I acknowledge that in Sir Samuel Griffith's draft Criminal Code[145] he inserted a marginal note which indicated that the basis of s 29 is 'common law'. However, the text of s 29 has a plain and unambiguous meaning. The meaning of the provision of the Code should be ascertained from its text rather than by reference to the common law
[145] The draft was sent to the Attorney‑General of Queensland in October 1897 and it formed the basis of the Queensland and Western Australian Criminal Codes.
In R v F[146] the Queensland Court of Appeal considered the meaning of the Queensland equivalent of s 29, which is relevantly in the same terms. Davies JA (McPherson JA & Shepherdson J agreeing) said that the trial judge in that case was wrong to say that the prosecution must 'call strong and pregnant evidence that the accused understood that what he did was seriously wrong and not merely naughty or mischievous'. His Honour said that this was for two reasons. First the section is concerned with capacity to know rather than, as the common law appears to be, with actual knowledge. Secondly the phrase 'strong and pregnant evidence' tends to obscure the fact that what the section requires, and no more, is that the prosecution prove the relevant capacity beyond reasonable doubt. His Honour doubted that the phrase (that the person ought not do the act) needed to be paraphrased but if it did he preferred to use the phrase 'that the act was wrong according to the ordinary principles of reasonable man'.[147]

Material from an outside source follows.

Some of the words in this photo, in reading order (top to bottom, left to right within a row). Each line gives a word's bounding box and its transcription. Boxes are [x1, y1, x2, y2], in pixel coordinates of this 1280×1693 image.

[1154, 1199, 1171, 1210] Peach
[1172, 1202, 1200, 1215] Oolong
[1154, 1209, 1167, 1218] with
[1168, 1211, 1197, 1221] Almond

[146] R v F; Ex parte Attorney‑General [1998] QCA 97; [1999] 2 Qd R 157.
[147] R v F [160].
I respectfully agree with Davies JA's analysis of the equivalent of s 29. The appellant was not criminally responsible for any act which the magistrate found he had committed, relevantly an act of sexual penetration, unless the respondent proved to the standard of beyond reasonable doubt that at the time of doing the act the appellant had capacity to know that he ought not do the act. The magistrate erred in law by stating that the issue for his determination was whether 'the [appellant] had knowledge that was is alleged to have occurred is an offence'.

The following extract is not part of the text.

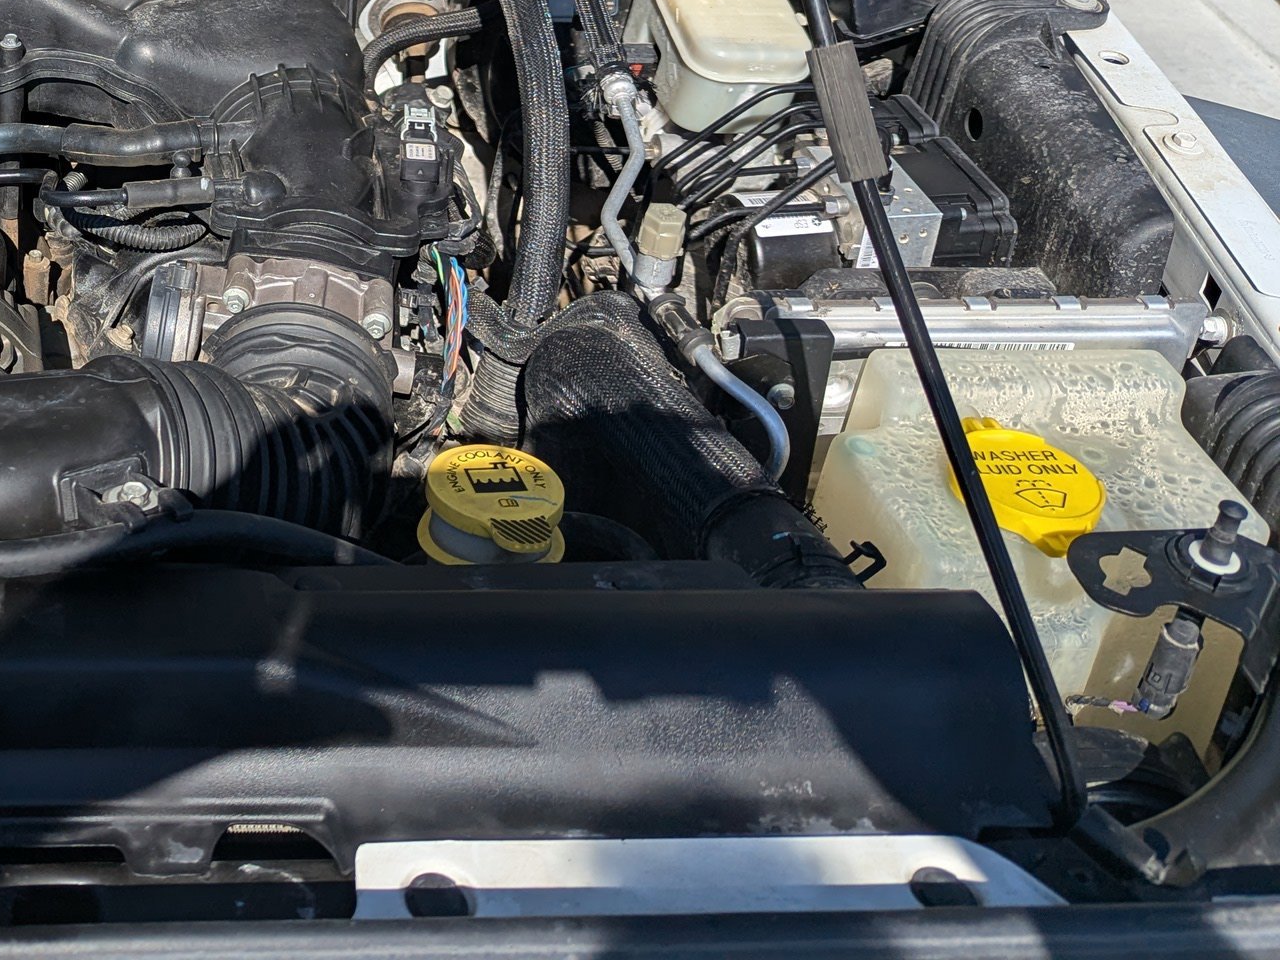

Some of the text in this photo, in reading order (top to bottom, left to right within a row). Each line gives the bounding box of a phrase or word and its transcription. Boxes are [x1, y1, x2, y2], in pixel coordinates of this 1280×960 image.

An appeal against a decision of the Children's Court of Western Australia when constituted by a magistrate may be made under the CA Act pt 2.[148] The CA Act s 14(2) provides that even if a ground of appeal might be decided in favour of the appellant, the court may dismiss the appeal if it considers that no substantial miscarriage of justice has occurred.[149]
[148] Children's Court of Western Australia Act 1988 (WA) s 41.

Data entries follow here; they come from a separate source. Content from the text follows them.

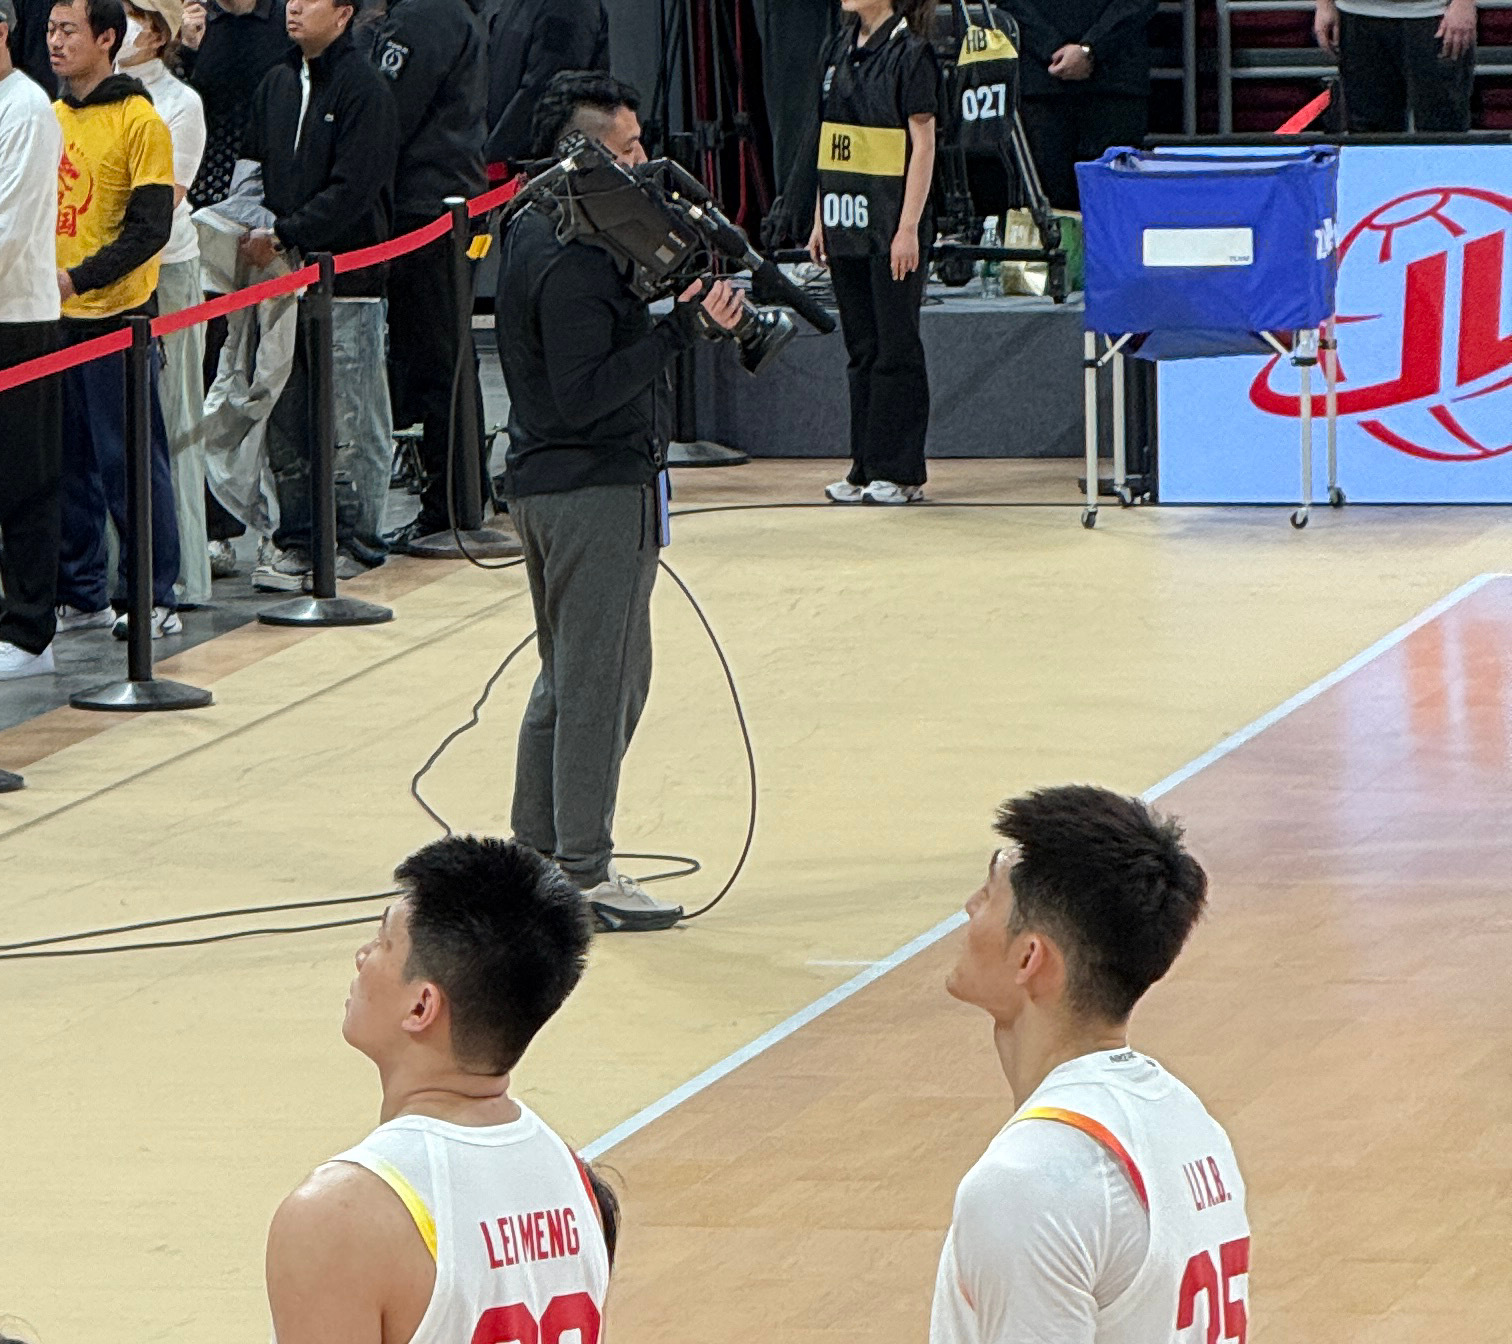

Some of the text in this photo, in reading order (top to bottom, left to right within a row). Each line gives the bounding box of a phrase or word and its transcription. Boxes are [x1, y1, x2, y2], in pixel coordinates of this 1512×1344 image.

[966, 26, 988, 54] HB
[962, 83, 1006, 121] 027
[832, 133, 851, 161] HB
[823, 193, 868, 227] 006
[480, 1206, 580, 1270] LEI MENG

[149] s 14(2) is part of the CA Act pt 2.
The respondent submits that the magistrate's error of law could not have affected the outcome of the prosecution and, consequently, there has been no substantial miscarriage of justice. That is because the magistrate's finding that the appellant had actual knowledge that what was alleged was an offence implicitly included a finding that the appellant had the requisite capacity to know that he ought not do the alleged acts. I agree with the respondent's submission.
I now move to the second complaint involved in this ground of appeal. That is, that the evidence was not capable of persuading the magistrate that the appellant had the requisite legal capacity to commit the offences.
The prosecution opened its case by submitting that the appellant had the maturity and the capacity to know that what he was doing was the wrong thing. To prove capacity, the prosecution relied upon the threats made by the appellant to the complainant on both occasions not to tell anyone or that he would beat the complainant and strangle him. The prosecution also relied on the appellant's admissions in the EROI that he knew that it was wrong to have sex with the complainant. The appellant's counsel did not open the case for the defence. Neither counsel referred to this issue in their closing addresses.
The appellant submits that the evidence as a whole and the appellant's answers in the EROI in particular were not capable of supporting a finding that the appellant at the time he was alleged to have committed the acts of sexual penetration had the capacity to know that he ought not do the acts which constituted the offences, let alone a finding that he knew that it was seriously wrong to do so.
Nowhere in the EROI does the appellant say explicitly that he knew that it was an offence or was seriously wrong for him to sodomise another child. The closest he came to saying something of that nature was when he said that he knew at least a year before the interview that a person had to be 18 before it was legal to have sex. He said he knew that it was the wrong thing for two kids his age to have sex.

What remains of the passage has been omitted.